TASK TO CARRY OUT — Please return the material exactly; leave no entry out.

EXCERPTED DATA —
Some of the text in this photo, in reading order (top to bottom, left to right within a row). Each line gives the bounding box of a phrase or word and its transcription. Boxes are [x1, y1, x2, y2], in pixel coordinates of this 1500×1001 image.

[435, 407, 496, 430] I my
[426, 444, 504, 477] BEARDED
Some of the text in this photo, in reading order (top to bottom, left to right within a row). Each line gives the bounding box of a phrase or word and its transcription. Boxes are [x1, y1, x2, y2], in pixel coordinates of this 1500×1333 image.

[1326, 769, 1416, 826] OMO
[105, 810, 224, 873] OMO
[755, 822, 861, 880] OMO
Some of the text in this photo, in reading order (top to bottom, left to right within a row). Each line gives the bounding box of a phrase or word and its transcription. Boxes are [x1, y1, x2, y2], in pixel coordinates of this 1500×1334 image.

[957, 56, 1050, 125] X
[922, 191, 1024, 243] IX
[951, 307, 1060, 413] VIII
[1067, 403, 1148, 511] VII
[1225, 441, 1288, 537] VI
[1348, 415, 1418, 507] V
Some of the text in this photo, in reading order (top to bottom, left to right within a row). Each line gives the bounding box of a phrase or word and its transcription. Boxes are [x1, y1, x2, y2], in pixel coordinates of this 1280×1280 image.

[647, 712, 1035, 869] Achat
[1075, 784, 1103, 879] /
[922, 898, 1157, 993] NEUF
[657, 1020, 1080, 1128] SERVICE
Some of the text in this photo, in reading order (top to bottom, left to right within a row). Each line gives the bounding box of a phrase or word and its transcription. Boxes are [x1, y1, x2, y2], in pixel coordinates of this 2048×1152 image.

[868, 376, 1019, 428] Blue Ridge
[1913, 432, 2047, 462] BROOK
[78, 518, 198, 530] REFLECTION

EXERCISE RESULT —
Some of the text in this photo, in reading order (top to bottom, left to right within a row). Each line gives the bounding box of a phrase or word and its transcription. Boxes are [x1, y1, x2, y2], in pixel coordinates of this 1500×1001 image.

[435, 407, 496, 430] I my
[426, 444, 504, 477] BEARDED
Some of the text in this photo, in reading order (top to bottom, left to right within a row). Each line gives the bounding box of a phrase or word and its transcription. Boxes are [x1, y1, x2, y2], in pixel coordinates of this 1500×1333 image.

[1326, 769, 1416, 826] OMO
[105, 810, 224, 873] OMO
[755, 822, 861, 880] OMO
Some of the text in this photo, in reading order (top to bottom, left to right within a row). Each line gives the bounding box of a phrase or word and its transcription. Boxes are [x1, y1, x2, y2], in pixel coordinates of this 1500×1334 image.

[957, 56, 1050, 125] X
[922, 191, 1024, 243] IX
[951, 307, 1060, 413] VIII
[1067, 403, 1148, 511] VII
[1225, 441, 1288, 537] VI
[1348, 415, 1418, 507] V
Some of the text in this photo, in reading order (top to bottom, left to right within a row). Each line gives the bounding box of a phrase or word and its transcription. Boxes are [x1, y1, x2, y2], in pixel coordinates of this 1280×1280 image.

[647, 712, 1035, 869] Achat
[1075, 784, 1103, 879] /
[922, 898, 1157, 993] NEUF
[657, 1020, 1080, 1128] SERVICE
Some of the text in this photo, in reading order (top to bottom, left to right within a row). Each line gives the bounding box of a phrase or word and its transcription. Boxes are [x1, y1, x2, y2], in pixel coordinates of this 2048×1152 image.

[868, 376, 1019, 428] Blue Ridge
[1913, 432, 2047, 462] BROOK
[78, 518, 198, 530] REFLECTION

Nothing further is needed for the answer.